どうやら俺は不死になったようなので、無謀でも無茶でも山に登り、今すぐ帰りたい気分だった。


「でも、レイガストの山は本当に危険なの。シオンが南から北にたどり着けたのは、本当に奇跡。今後、二度と同じことは起こらないくらいなの」


「……誰か、前例とかいないのか?もしくはレイガスト山脈に詳しい人とか」


 魔獣との混血一族が存在するくらいだ。南部より北部のほうが魔獣への造詣は深いとみて間違いはないだろう。

アイシャは首を横に振る。


「私の知る限り、前例はないの」


「そうか……」


 アイシャの未来視では、俺の名前などに加え、俺の『シン』がどのようなものかまで見えたらしい。それによると、俺のシンは『条件付き不死』だそうだ。

 傷や欠損を、自分以外の生物の血液を摂取することで再生する。

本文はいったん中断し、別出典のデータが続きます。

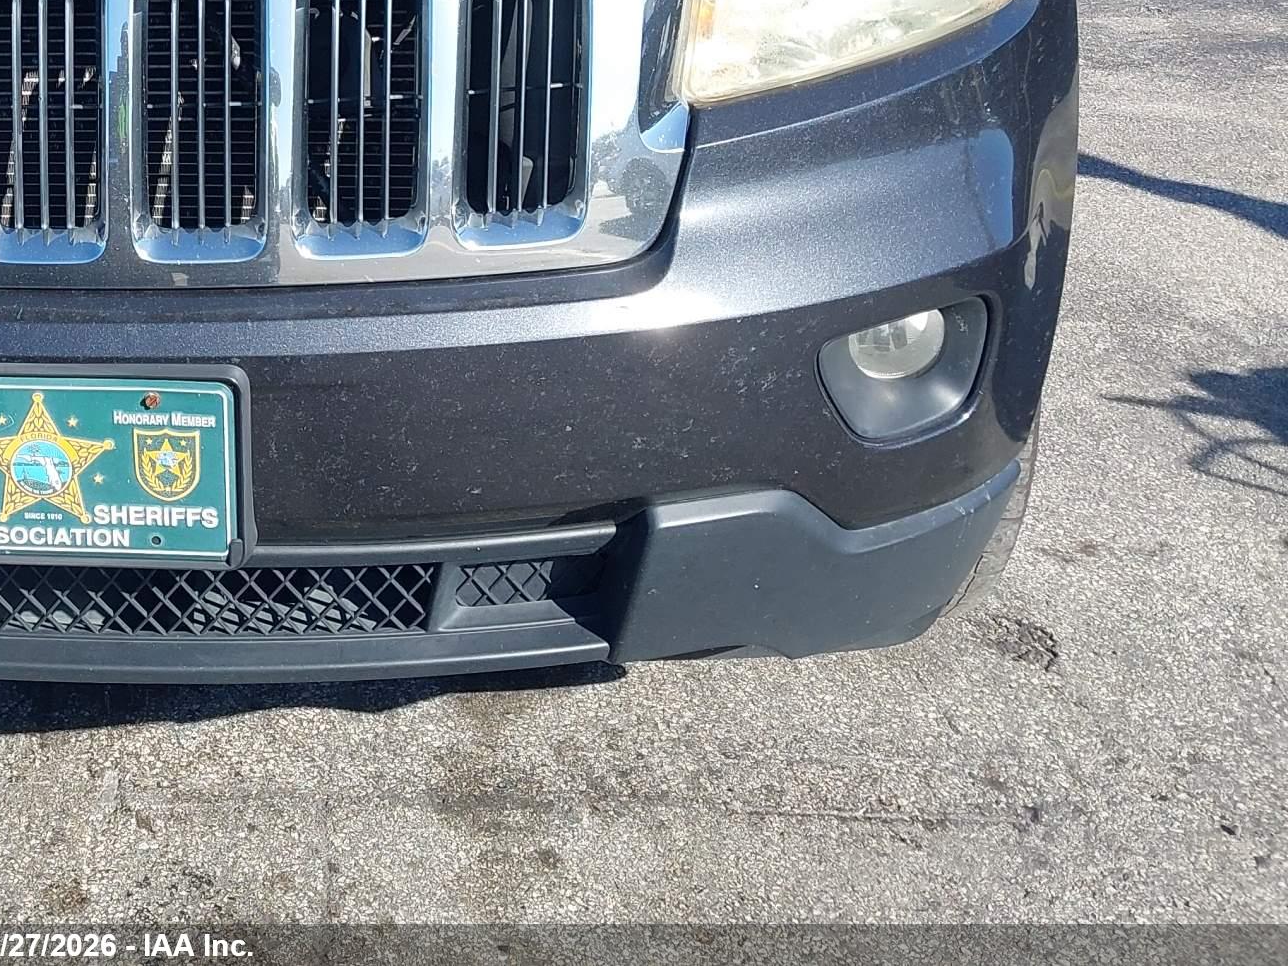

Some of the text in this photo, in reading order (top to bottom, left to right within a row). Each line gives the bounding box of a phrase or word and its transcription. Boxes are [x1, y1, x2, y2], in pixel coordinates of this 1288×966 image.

[20, 432, 58, 443] FLORIDA
[24, 512, 46, 520] SINCE
[93, 504, 219, 528] SHERIFFS

ちなみに普段の食生活も、血液以外から栄養を摂取することが出来ない。

 不死になったとはいえ、俺が不死で居続けるには生物の血液が必要。ということは、一人で無理やり山に入って魔獣に手足を捥がれ放置などされようものなら、簡単に命を落とすだろうと予想できた。それくらいを思考できる余裕と冷静さは取り戻している。

 俺は、あの時。正気ではなかった。

 大量殺人者。もう、その咎から逃れることは出来ない。出来ないのだが。

 死んでしまった……俺が殺してしまった人に申し訳が立たないが、記憶も実感もないのだ。衝動で動かされ、気が付いたら殺していた。殺人者が何を言っても仕方ないかもしれないが、俺一人で償える罪ではない。

 だから。責任を取らせる。

俺が化け物——北部ではシンと呼称する存在——になってしまった原因を作った。ノルド。ゴーンとその一味。奴らにも贖罪させなければ、俺一人が罪を背負うことに納得がいかない。

いや、これは体のいい後付けの理由だ。

俺はノルドに復讐する。

その瞬間までの人生は、その瞬間のためだけのものだ。


「シオン、怖い目をしてるの」


「……ああ……っと。ちょっと、な」


 アイシャに指摘されて、力を抜いて何回かまばたきをした。


「……どうしても南部に行きたいなら、ひとつだけ方法があるの」


 その言葉に、俺は思わず目を見開き、アイシャの肩を掴んだ。


「本当か!どうすればいい、俺はなにをすればいいんだ!?」


「お、落ち着いてなの。痛いの……」


「わ……悪い。でも、何か方法があるんだな?教えてくれ、頼む」


 南部に行くためなら、なんでもする。

 新しく罪を重ねたりしなければ、復讐のために身を粉にして働く所存だった。

 そして未来視の少女は、ハンターに代わる、俺の新たな職を提示する。


「シオンが、王様になればいいの」


「…………は?」


 どうやら、化け物の次は王様になるらしい。